Big Trouble in Little China

Review by
Robert Wilfred Franson

Director: John Carpenter
Writers: Gary Goldman, David Z. Weinstein, W. D. Richter

  • Kurt Russell — Jack Burton
  • Kim Cattrall — Gracie Law
  • Chao Li Chi — Uncle Chu
  • Dennis Dun — Wang Chi
  • James Hong — David Lo Pan
  • Suzee Pai — Miao Yin
  • Victor Wong — Egg Shen
  • Peter Kwong — Rain
  • James Pax — Lightning
  • Carter Wong — Thunder

Twentieth Century Fox: 1986

99 minutes December 2008


Big Trouble in Little China is a fine and surprisingly successful combination of thriller-action, realism that extends into criminal-underworld mysticism in San Francisco's Chinatown, and humor. James Hong plays David Lo Pan, a very long-lived sorcerer who, to lift an ancient curse, needs a refresher sacrifice of a green-eyed girl. He manages to find one, Miao Yin (played by Suzee Pai), who his henchmen kidnap as she arrives from China to marry Wang Chi (Dennis Dun's character). — Straightforward so far.

Into this mix we throw Kurt Russell as truck driver Jack Burton, taking his big semi into the narrow streets of Chinatown for his regular delivery.

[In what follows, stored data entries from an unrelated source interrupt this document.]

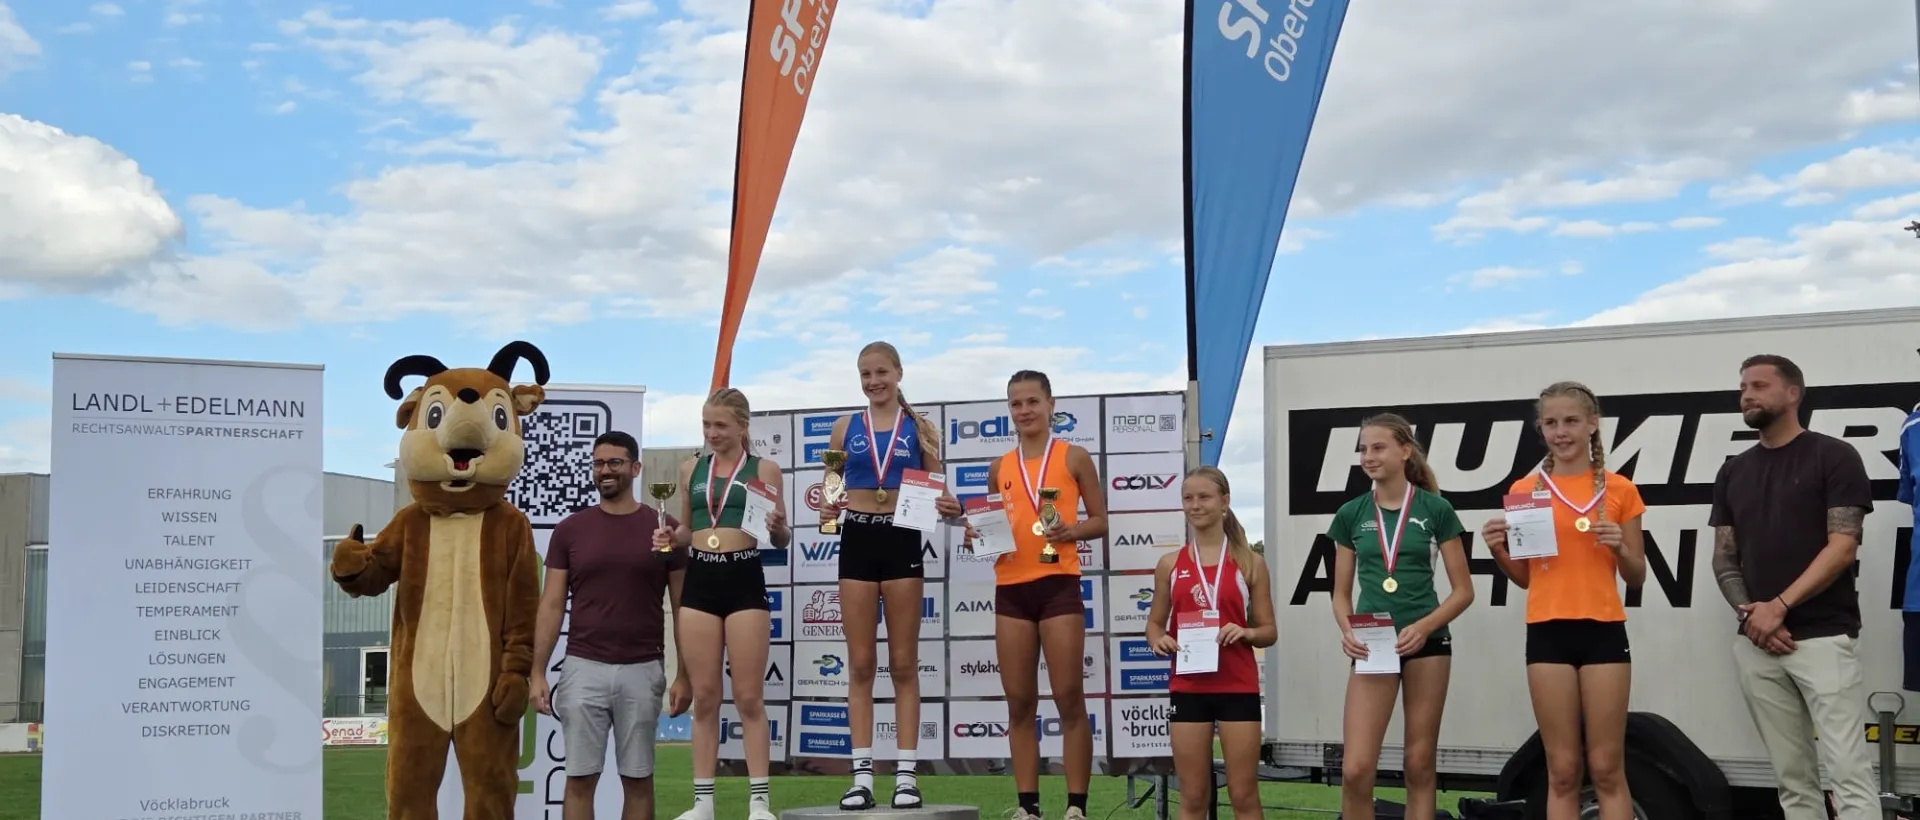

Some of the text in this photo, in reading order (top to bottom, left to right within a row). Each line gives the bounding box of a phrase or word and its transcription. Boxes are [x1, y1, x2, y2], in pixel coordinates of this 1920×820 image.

[71, 422, 304, 440] RECHTSANWALTSPARTNERSCHAFT
[148, 487, 232, 501] ERFAHRUNG
[161, 511, 217, 524] WISSEN
[163, 535, 215, 547] TALENT
[1114, 533, 1154, 546] AIM
[125, 556, 252, 571] UNABHÄNGIGKEIT
[697, 551, 727, 563] PUMA
[135, 582, 241, 595] LEIDENSCHAFT
[136, 605, 239, 618] TEMPERAMENT
[955, 600, 993, 612] AIM
[154, 629, 220, 642] EINBLICK
[149, 651, 226, 665] LÖSUNGEN
[138, 676, 236, 690] ENGAGEMENT
[122, 700, 250, 714] VERANTWORTUNG
[141, 724, 231, 738] DISKRETION
[140, 797, 230, 812] Vöcklabruck

After Burton's been hanging out and gambling with Wang Chi and other pals, they go to the airport where they witness Miao Yin's kidnapping, and incidentally run into another green-eyed girl (played by Kim Cattrall). — Action and suspense; still straightforward.

Now add into the mix an intermittent tong war between a couple of Chinese-American street gangs variously armed with traditional weapons and submachine-guns. Don't mess with the sorcerer who's the crime boss of Chinatown, nor try to interfere with his long-planned sacrifice. — Plenty of action and danger, and some humor in our regular-guy truck driver's reactions to somehow getting in the middle of a kidnapping and a tong war. Egg Shen (played by Victor Wong) is a Chinatown tour-bus driver who also drives into trouble, but may be more than he seems. Realism meets fantasy, humor meets danger. Everyone reacts according to his character and his knowledge of the semi-hidden factors.

But further, let the sorcerer begin showing his magical powers. When he has put on his Aspect, the wheelchair-bound ancient is young and vigorous, can levitate and other surprises. — Ah, getting a bit weird here. Our good guys are having to learn fast and stretch their responses.

Now let's see some heavy-duty magic, major henchmen of the sorcerer. The Three Storms — Thunder, Lightning, and Rain — are demigods or mystical adepts wielding their several elements of weather. They are at the call of the sorcerer, but like natural weather, seem a little given to grandstanding at the expense of focused power. Carter Wong as Thunder is especially good. — Whoa, getting very weird now. How can the good guys cope with all this?

Big Trouble in Little China is an odd mixture, but it works well: weird magic and danger, a lot of fun and good adventure. One reason the mix works is a sense of realism, that we're in an odd corner of the real world, with real people, encountering various degrees of strangeness. Very enjoyable.